Exercise: All of the records must be restated exactly, with every line complete.

Text-to-region grounding data:

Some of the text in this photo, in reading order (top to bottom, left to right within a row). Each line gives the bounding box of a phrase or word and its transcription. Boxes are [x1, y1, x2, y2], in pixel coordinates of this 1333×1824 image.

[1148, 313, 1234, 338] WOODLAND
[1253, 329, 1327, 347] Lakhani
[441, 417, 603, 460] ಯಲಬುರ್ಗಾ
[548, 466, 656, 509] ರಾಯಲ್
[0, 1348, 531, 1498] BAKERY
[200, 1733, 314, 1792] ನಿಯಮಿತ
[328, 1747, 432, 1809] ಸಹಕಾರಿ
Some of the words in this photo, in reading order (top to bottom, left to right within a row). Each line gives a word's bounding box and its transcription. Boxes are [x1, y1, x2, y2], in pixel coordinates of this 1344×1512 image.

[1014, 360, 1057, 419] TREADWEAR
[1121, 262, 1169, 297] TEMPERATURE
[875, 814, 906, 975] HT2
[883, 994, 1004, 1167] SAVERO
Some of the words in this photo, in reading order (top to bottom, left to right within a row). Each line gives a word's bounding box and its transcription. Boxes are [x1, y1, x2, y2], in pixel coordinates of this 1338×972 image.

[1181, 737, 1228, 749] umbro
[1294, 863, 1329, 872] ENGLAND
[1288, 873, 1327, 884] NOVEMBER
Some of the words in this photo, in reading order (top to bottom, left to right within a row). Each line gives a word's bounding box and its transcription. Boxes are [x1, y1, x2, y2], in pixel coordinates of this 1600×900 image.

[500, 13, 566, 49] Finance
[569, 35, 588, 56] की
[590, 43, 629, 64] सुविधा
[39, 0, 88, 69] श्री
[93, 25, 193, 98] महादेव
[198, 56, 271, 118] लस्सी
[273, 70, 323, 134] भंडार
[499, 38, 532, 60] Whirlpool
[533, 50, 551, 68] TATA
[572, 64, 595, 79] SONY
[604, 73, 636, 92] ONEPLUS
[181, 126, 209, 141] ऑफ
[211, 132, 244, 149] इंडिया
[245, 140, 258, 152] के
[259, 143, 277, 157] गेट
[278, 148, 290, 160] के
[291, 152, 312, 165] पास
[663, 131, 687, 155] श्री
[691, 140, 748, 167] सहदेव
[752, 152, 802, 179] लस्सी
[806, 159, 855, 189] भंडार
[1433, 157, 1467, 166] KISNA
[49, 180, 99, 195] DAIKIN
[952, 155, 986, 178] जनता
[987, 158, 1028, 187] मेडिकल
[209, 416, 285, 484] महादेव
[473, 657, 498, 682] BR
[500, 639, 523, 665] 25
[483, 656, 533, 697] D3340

The completed task:
Some of the text in this photo, in reading order (top to bottom, left to right within a row). Each line gives the bounding box of a phrase or word and its transcription. Boxes are [x1, y1, x2, y2], in pixel coordinates of this 1333×1824 image.

[1148, 313, 1234, 338] WOODLAND
[1253, 329, 1327, 347] Lakhani
[441, 417, 603, 460] ಯಲಬುರ್ಗಾ
[548, 466, 656, 509] ರಾಯಲ್
[0, 1348, 531, 1498] BAKERY
[200, 1733, 314, 1792] ನಿಯಮಿತ
[328, 1747, 432, 1809] ಸಹಕಾರಿ
Some of the words in this photo, in reading order (top to bottom, left to right within a row). Each line gives a word's bounding box and its transcription. Boxes are [x1, y1, x2, y2], in pixel coordinates of this 1344×1512 image.

[1014, 360, 1057, 419] TREADWEAR
[1121, 262, 1169, 297] TEMPERATURE
[875, 814, 906, 975] HT2
[883, 994, 1004, 1167] SAVERO
Some of the words in this photo, in reading order (top to bottom, left to right within a row). Each line gives a word's bounding box and its transcription. Boxes are [x1, y1, x2, y2], in pixel coordinates of this 1338×972 image.

[1181, 737, 1228, 749] umbro
[1294, 863, 1329, 872] ENGLAND
[1288, 873, 1327, 884] NOVEMBER
Some of the words in this photo, in reading order (top to bottom, left to right within a row). Each line gives a word's bounding box and its transcription. Boxes are [x1, y1, x2, y2], in pixel coordinates of this 1600×900 image.

[500, 13, 566, 49] Finance
[569, 35, 588, 56] की
[590, 43, 629, 64] सुविधा
[39, 0, 88, 69] श्री
[93, 25, 193, 98] महादेव
[198, 56, 271, 118] लस्सी
[273, 70, 323, 134] भंडार
[499, 38, 532, 60] Whirlpool
[533, 50, 551, 68] TATA
[572, 64, 595, 79] SONY
[604, 73, 636, 92] ONEPLUS
[181, 126, 209, 141] ऑफ
[211, 132, 244, 149] इंडिया
[245, 140, 258, 152] के
[259, 143, 277, 157] गेट
[278, 148, 290, 160] के
[291, 152, 312, 165] पास
[663, 131, 687, 155] श्री
[691, 140, 748, 167] सहदेव
[752, 152, 802, 179] लस्सी
[806, 159, 855, 189] भंडार
[1433, 157, 1467, 166] KISNA
[49, 180, 99, 195] DAIKIN
[952, 155, 986, 178] जनता
[987, 158, 1028, 187] मेडिकल
[209, 416, 285, 484] महादेव
[473, 657, 498, 682] BR
[500, 639, 523, 665] 25
[483, 656, 533, 697] D3340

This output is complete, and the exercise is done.